Bila suhu tubuh turun di bawah normal, pengeluaran panas dikurangi dan produksi panas ditingkatkan. Selama kondisi dingin pembuluh darah di kulit mengalami konstriksi dan oleh karena itu mengurangi aliran darah dan kehilangan panas melalui kulit. Stimulus untuk aktivitas vasomotorik terjadi melalui impuls sensorik yang dihasilkan oleh reseptor dingin atau stimulus langsung yang berasal dari darah yang melintasi hipotalamus.
2.7 Termoregulasi pada Bayi
Selama perkembangan, embrio dikelilingi oleh lingkungan maternal pada suhu tubuh normal. Pada saat lahir, mekanisme pengaturan suhu bayi belum sepenuhnya fungsional. Bayi akan kehilangan panas dengan cepat akibat ukurannya yang kecil. Sebagai konsekuwensinya, bayi yang baru lahir harus dalam keadaan kering dan dibungkus, bahkan bayi yang lahir prematur membutuhkan alat inkubator sebagai pengatur suhu. Pada bayi,
suhu tubuhnya juga kurang stabil dibandingkan dengan orang dewasa. Laju metabolisme menurun ketika mereka tidur dan meningkat ketika bangun. Meskipun mereka tidak dapat menggigil, namun mereka mampu meningkatkan suhu tubuh dengan cepat.

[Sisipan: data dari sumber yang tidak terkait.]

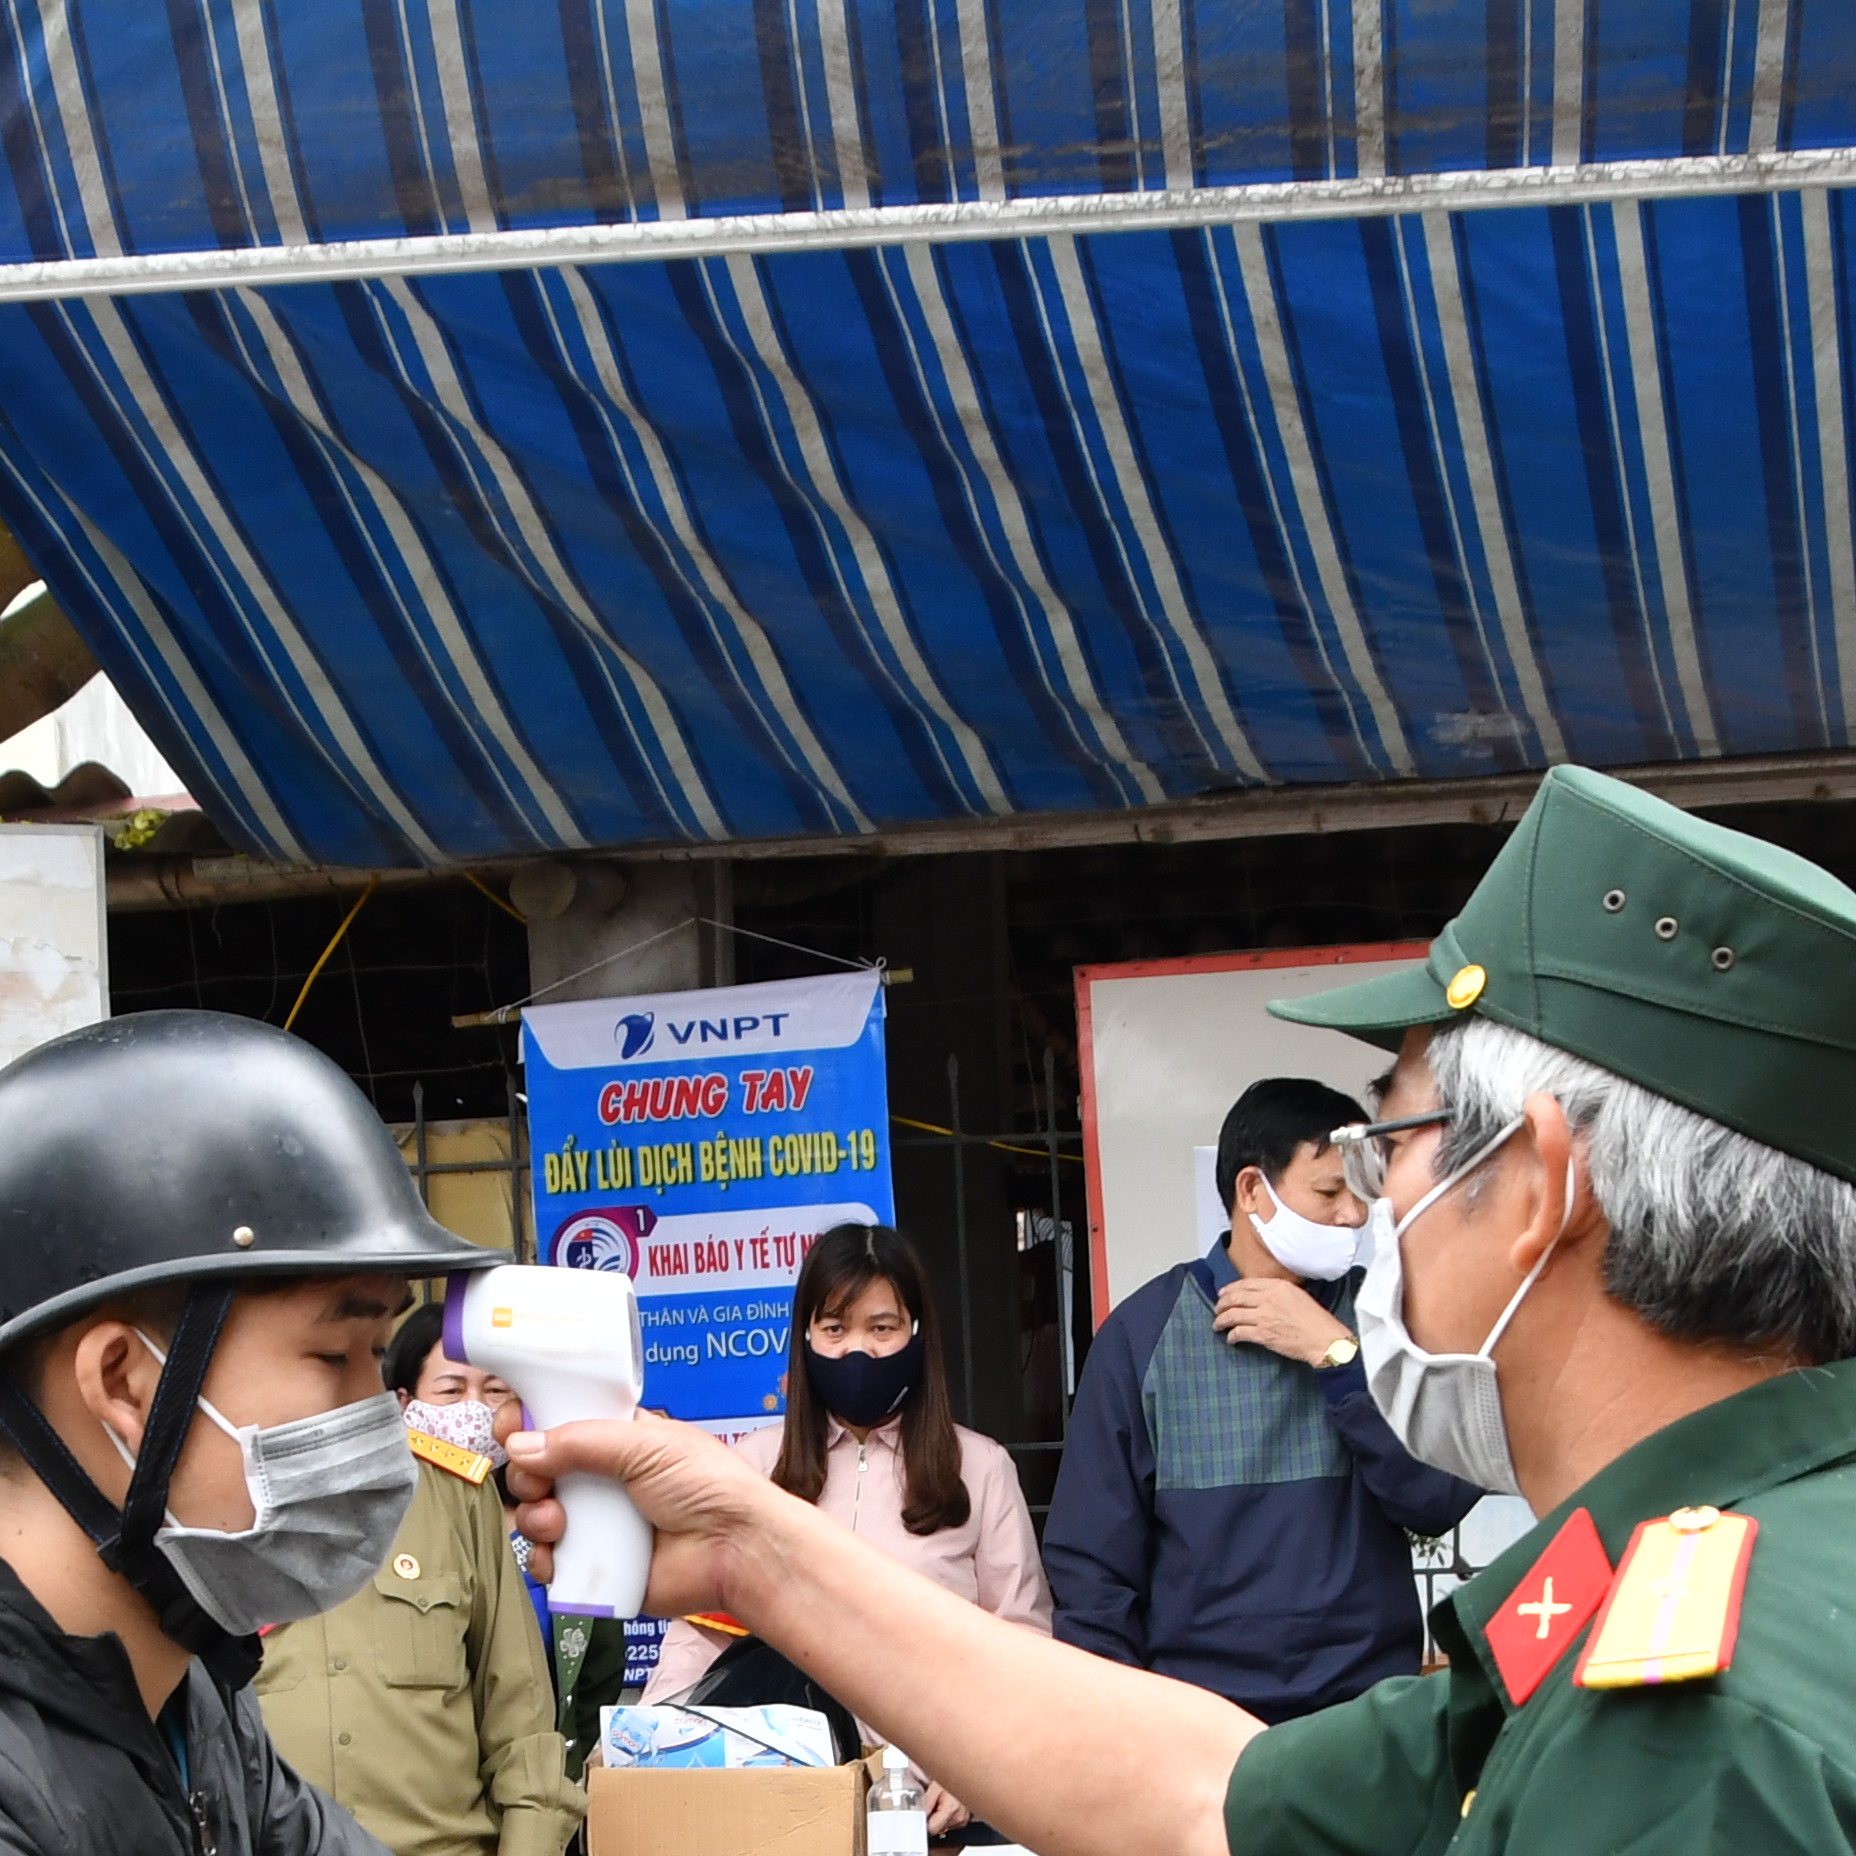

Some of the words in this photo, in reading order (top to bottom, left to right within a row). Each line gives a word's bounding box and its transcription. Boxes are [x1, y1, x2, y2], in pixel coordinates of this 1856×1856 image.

[667, 1013, 790, 1045] VNPT
[598, 1072, 729, 1126] CHUNG
[740, 1065, 814, 1114] TAY
[544, 1134, 589, 1194] ĐẨY
[596, 1139, 633, 1190] LÙI
[638, 1143, 693, 1195] DỊCH
[699, 1131, 763, 1190] BỆNH
[769, 1128, 877, 1177] COVID-19
[635, 1208, 646, 1232] 1
[648, 1243, 689, 1277] KHAI
[693, 1234, 729, 1273] BÁO
[734, 1238, 744, 1271] Y
[749, 1226, 770, 1270] TẾ
[773, 1231, 797, 1275] TỰ
[639, 1307, 684, 1327] THÂN
[687, 1304, 710, 1324] VÀ
[713, 1305, 743, 1323] GIA
[746, 1300, 790, 1321] ĐÌNH
[645, 1341, 699, 1366] dụng
[623, 1620, 655, 1637] hông

Bayi memiliki jaringan lemak di antara bahu, sekitar leher dan kemungkinan di tubuh bagian atas. Jaringan ini memiliki banyak vakularisasi dengan sel-sel adiposit yang mengandung mitokondria yang dinamakan lemak cokelat (brown fat). Sel-sel adiposit dipersarafi oleh serabut saraf simpatis yang apabila dirangsang dapat meningkatkan lipolisis di adiposit. Energi yang dilepaskan melalui katabolisme asam lemak dilepaskan ke sekeliling jaringan sebagai panas yang kemudian didistribusikan ke seluruh tubuh. Dengan cara ini maka bayi dapat meningkatkan perolehan panas metabolisme 100% lebih cepat sementara termogenesis nonshevering pada orang dewasa hanya meningkatkan produksi panas sebanyak 10-12% setelah dalam periode mingguan. Dengan meningkatnya usia dan ukuran tubuh, suhu tubuh menjadi lebih stabil dan mekanisme termoregulasi jenis ini menjadi kurang penting.

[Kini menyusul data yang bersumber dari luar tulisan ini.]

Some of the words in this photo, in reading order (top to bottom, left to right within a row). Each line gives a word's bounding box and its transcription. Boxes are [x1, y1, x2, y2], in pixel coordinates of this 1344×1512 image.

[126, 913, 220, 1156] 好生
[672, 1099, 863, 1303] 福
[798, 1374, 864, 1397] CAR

2.8 Faktor-Faktor yang Mempengaruhi Termoregulasi
Banyak faktor yang mempengaruhi suhu tubuh. Perubahan pada suhu tubuh dalam rentang normal terjadi ketika hubungan antara produksi panas dan kehilangan panas diganggu oleh variabel fisiologis atau prilaku. Berikut adalah faktor yang mempengarui suhu tubuh :
a. Usia
Pada saat lahir, bayi meninggalkan lingkungan yang hangat, yang relatif konstan, masuk dalam lingkungan yang suhunya berfluktuasi dengan cepat.suhu tubuh bayi dapat berespon secara drastis terhadap perubahan suhu lingkungan. Bayi baru lahir mengeluaran lebih dari 30% panas tubuhnya melalui kepala oleh karena itu perlu menggunakan penutup kepala untuk mencegah pengeluaran panas. Bila terlindung dari ingkungan yang ektrem, suhu tubuh bayi dipertahankan pada 35,5 ºC sampai 39,5ºC. Produksi panas akan meningkat seiring dengan pertumbuhan bayi memasuki anak-anak. Perbedaan secara individu 0,25ºC sampai 0,55 ºC adalah normal.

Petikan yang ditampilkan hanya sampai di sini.